Phase 2: Model Training with SageMaker Canvas and Custom Training
We started with SageMaker Canvas to get a baseline quickly. Canvas let the business stakeholders see preliminary results within hours, which was critical for buy-in. The no-code interface generated a classification model with reasonable accuracy, and more importantly, it showed the team that the data contained predictive signal.
For the production model, we moved to a SageMaker notebook running XGBoost. The reasons: we needed more control over feature preprocessing, we wanted to implement custom evaluation metrics (weighted F1 score aligned with business cost of false positives vs. false negatives), and we needed the training job to be reproducible in our CI/CD pipeline.
Accuracy was 87%, which sounds good. But the business cared more about two things: not wasting sales time on leads that would not convert (precision) and not missing high-quality leads (recall). We optimized for F1 score with a slight bias toward precision, because a false positive meant hours of wasted sales effort while a false negative meant one missed lead among many. This decision came directly from sitting with the sales team and understanding their workflow.
Phase 3: Deployment and Integration
The model deployed as a SageMaker real-time endpoint. Our Node.js backend calls this endpoint via the AWS SDK whenever a new lead enters the system. The response includes a score between 0 and 1 and the top contributing features, which we display in the CRM dashboard so sales representatives understand why a lead is ranked the way it is.

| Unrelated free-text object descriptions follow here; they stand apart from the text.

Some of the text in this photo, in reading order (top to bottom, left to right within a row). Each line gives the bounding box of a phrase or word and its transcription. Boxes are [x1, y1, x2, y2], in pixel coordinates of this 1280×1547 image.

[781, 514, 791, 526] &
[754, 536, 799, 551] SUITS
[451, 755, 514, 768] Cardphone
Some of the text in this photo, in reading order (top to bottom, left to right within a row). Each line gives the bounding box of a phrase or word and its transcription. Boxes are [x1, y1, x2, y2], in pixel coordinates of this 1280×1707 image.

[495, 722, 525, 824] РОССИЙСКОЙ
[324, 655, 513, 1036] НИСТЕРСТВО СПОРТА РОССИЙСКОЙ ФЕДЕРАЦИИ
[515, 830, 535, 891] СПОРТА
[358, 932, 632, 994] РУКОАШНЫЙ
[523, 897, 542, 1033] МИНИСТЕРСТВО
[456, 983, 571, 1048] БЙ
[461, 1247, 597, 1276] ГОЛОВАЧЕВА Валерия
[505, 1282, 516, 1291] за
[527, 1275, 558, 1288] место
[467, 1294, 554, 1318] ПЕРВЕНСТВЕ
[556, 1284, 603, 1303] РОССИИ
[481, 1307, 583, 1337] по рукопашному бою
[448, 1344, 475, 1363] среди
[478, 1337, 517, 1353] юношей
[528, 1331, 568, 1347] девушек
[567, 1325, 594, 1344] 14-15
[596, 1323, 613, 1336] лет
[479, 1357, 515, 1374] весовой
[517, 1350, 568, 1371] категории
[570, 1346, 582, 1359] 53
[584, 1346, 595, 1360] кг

The sales team did not trust the model until they could see why it scored leads the way it did. We used SageMaker Clarify to generate feature importance explanations for each prediction. When a sales rep sees "scored high because: responded within 24 hours, industry: fintech, 4+ touchpoints in first week," they trust and act on the score. Without explainability, the model would have been ignored within a month.
Phase 4: Monitoring and Drift
Models degrade. Lead quality patterns shift with market conditions, new marketing campaigns change the incoming lead profile, and seasonal variations affect conversion rates. We set up SageMaker Model Monitor to track data drift and prediction distribution changes weekly.

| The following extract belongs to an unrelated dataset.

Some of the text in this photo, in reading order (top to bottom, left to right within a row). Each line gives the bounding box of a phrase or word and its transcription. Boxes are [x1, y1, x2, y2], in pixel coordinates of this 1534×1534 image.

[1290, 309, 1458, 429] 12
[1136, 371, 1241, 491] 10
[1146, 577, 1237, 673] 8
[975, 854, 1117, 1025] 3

In the first six months, we retrained twice: once when a new marketing channel started generating leads with a different profile than the training data, and once when the approval criteria changed internally. Both times, the monitoring alerts caught the drift before the sales team noticed degraded predictions.

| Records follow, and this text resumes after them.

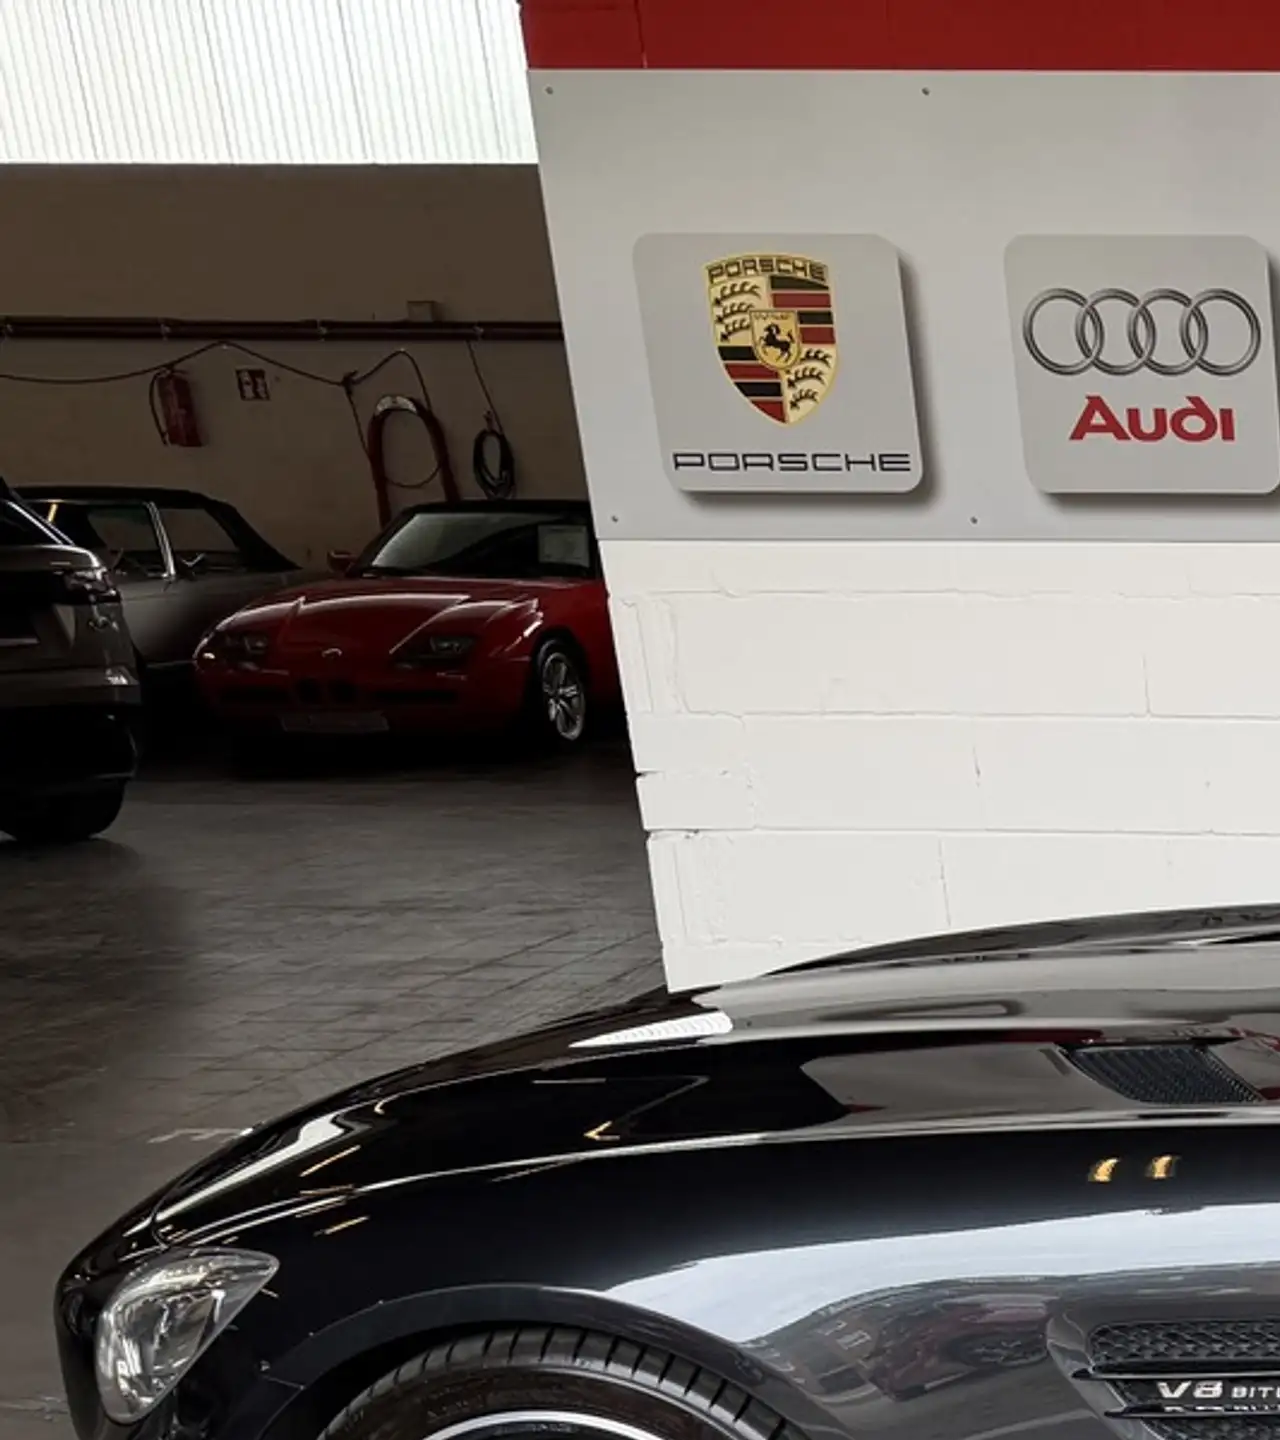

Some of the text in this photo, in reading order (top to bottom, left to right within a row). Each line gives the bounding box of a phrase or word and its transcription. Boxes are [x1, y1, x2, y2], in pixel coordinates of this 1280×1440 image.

[706, 257, 827, 285] PORSCHE
[1069, 396, 1235, 442] Audi
[672, 452, 911, 472] PORSCHE
[1157, 1380, 1223, 1399] V8
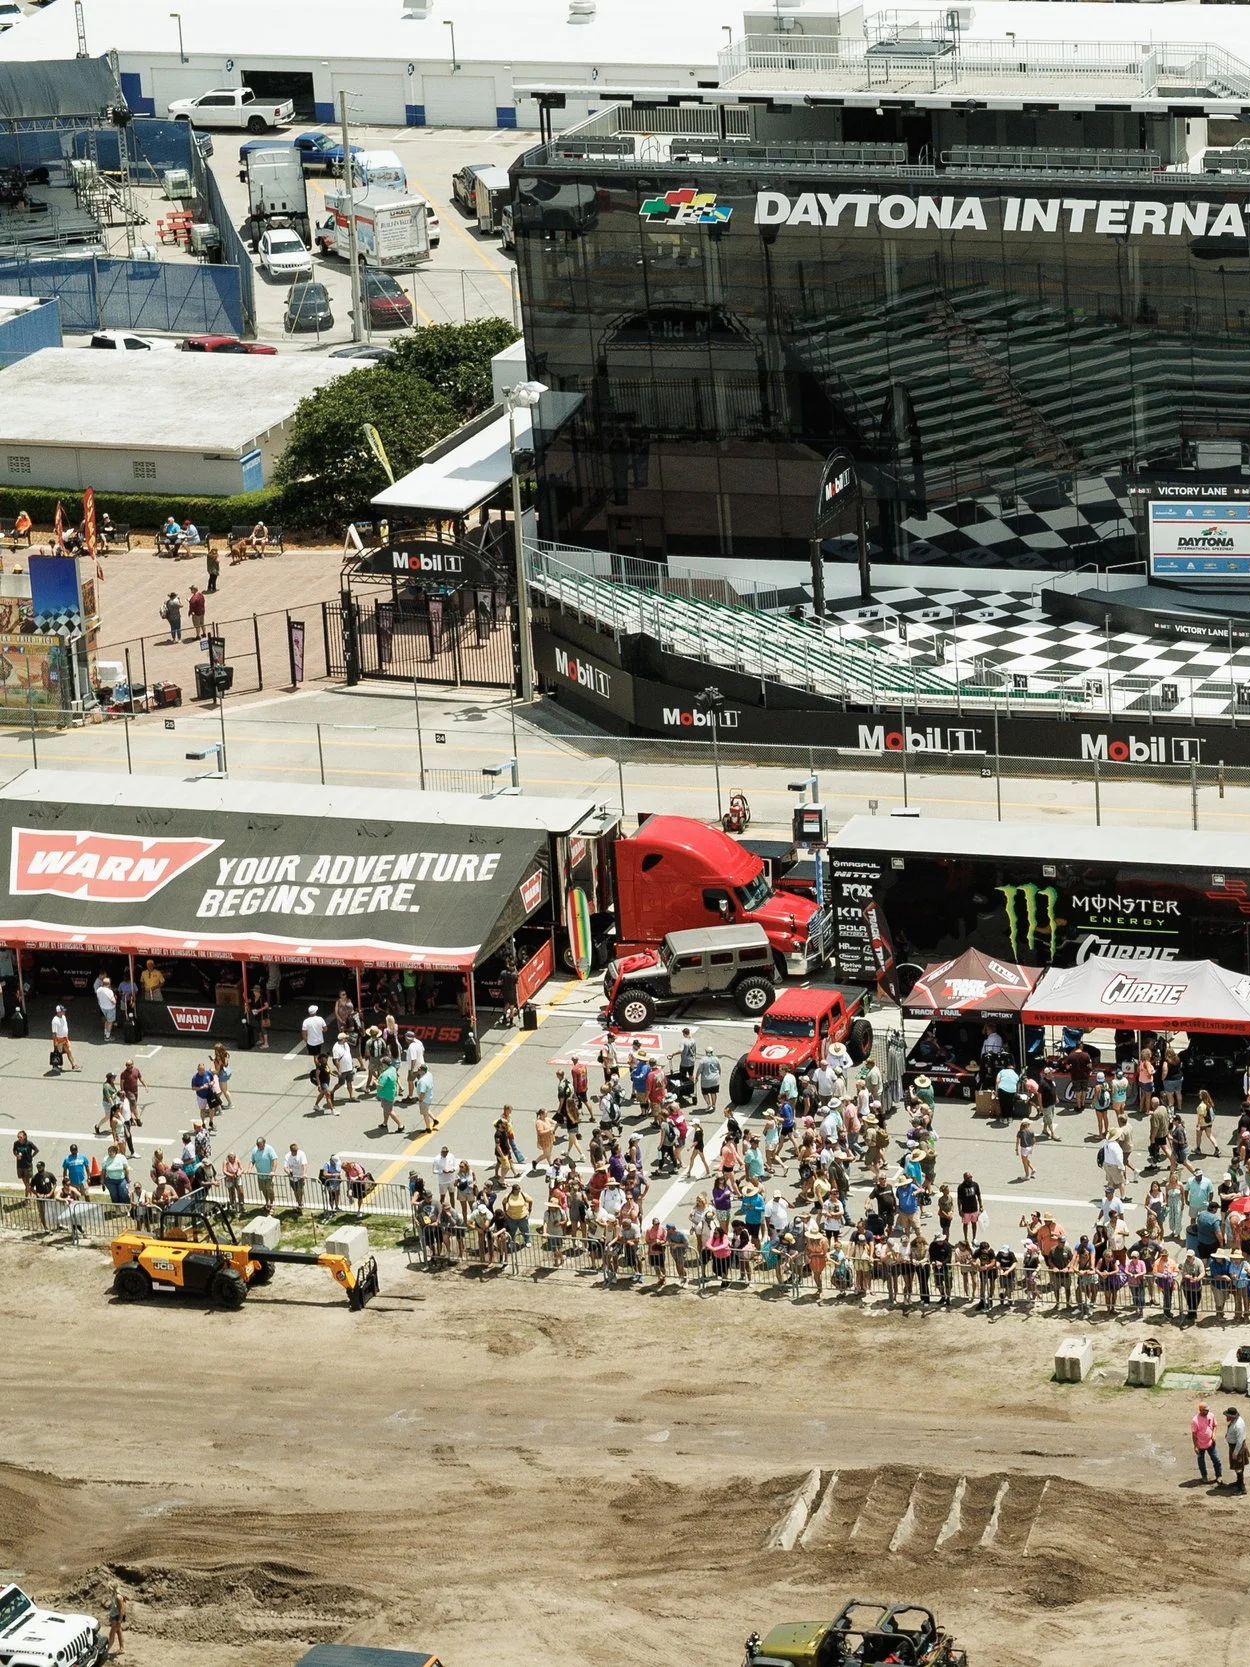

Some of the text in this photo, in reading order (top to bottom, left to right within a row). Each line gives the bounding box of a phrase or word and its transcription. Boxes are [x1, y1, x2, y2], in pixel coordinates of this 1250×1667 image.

[754, 191, 987, 230] DAYTONA
[826, 473, 844, 501] Mobil
[1158, 487, 1227, 496] VICTORY LANE
[1178, 537, 1234, 547] DAYTONA
[393, 552, 442, 571] Mobil
[1175, 624, 1207, 635] VICTORY
[1208, 628, 1229, 637] LANE
[555, 647, 594, 690] Mobil
[165, 721, 175, 729] 25
[436, 734, 445, 742] 24
[858, 724, 941, 751] Mobil
[1081, 733, 1166, 762] Mobil
[27, 851, 170, 882] WARN
[216, 852, 501, 886] YOUR ADVENTURE
[840, 861, 880, 869] MAGPUL
[834, 871, 880, 879] NITTO
[196, 883, 420, 917] BEGINS HERE.
[842, 883, 873, 902] FOX
[1072, 894, 1181, 916] MONSTER
[1090, 916, 1164, 926] ENERGY
[945, 979, 987, 989] TRACK
[1101, 973, 1187, 1005] CURRIE
[176, 1012, 207, 1025] WARN
[909, 1008, 961, 1017] TRACK TRAIL
[154, 1263, 175, 1271] JCB

What I Would Do Differently
Start with a simpler model. XGBoost was the right final choice, but we could have shipped a logistic regression model in week one to start collecting feedback while we iterated on features. The gap between "no model" and "simple model" is far larger than the gap between "simple model" and "tuned model."
Build the feedback loop from day one. We added the ability for sales reps to flag incorrect scores after launch. We should have built this before launch. That feedback data is now one of our most valuable inputs for retraining.
Machine learning in production is an engineering problem first and a data science problem second. The model is one component in a system that includes data pipelines, APIs, monitoring, and human feedback loops.
This project taught me that the value of ML in a business context is not about sophisticated algorithms. It is about building a system that reliably turns data into better decisions, and that the people using it actually trust and act on.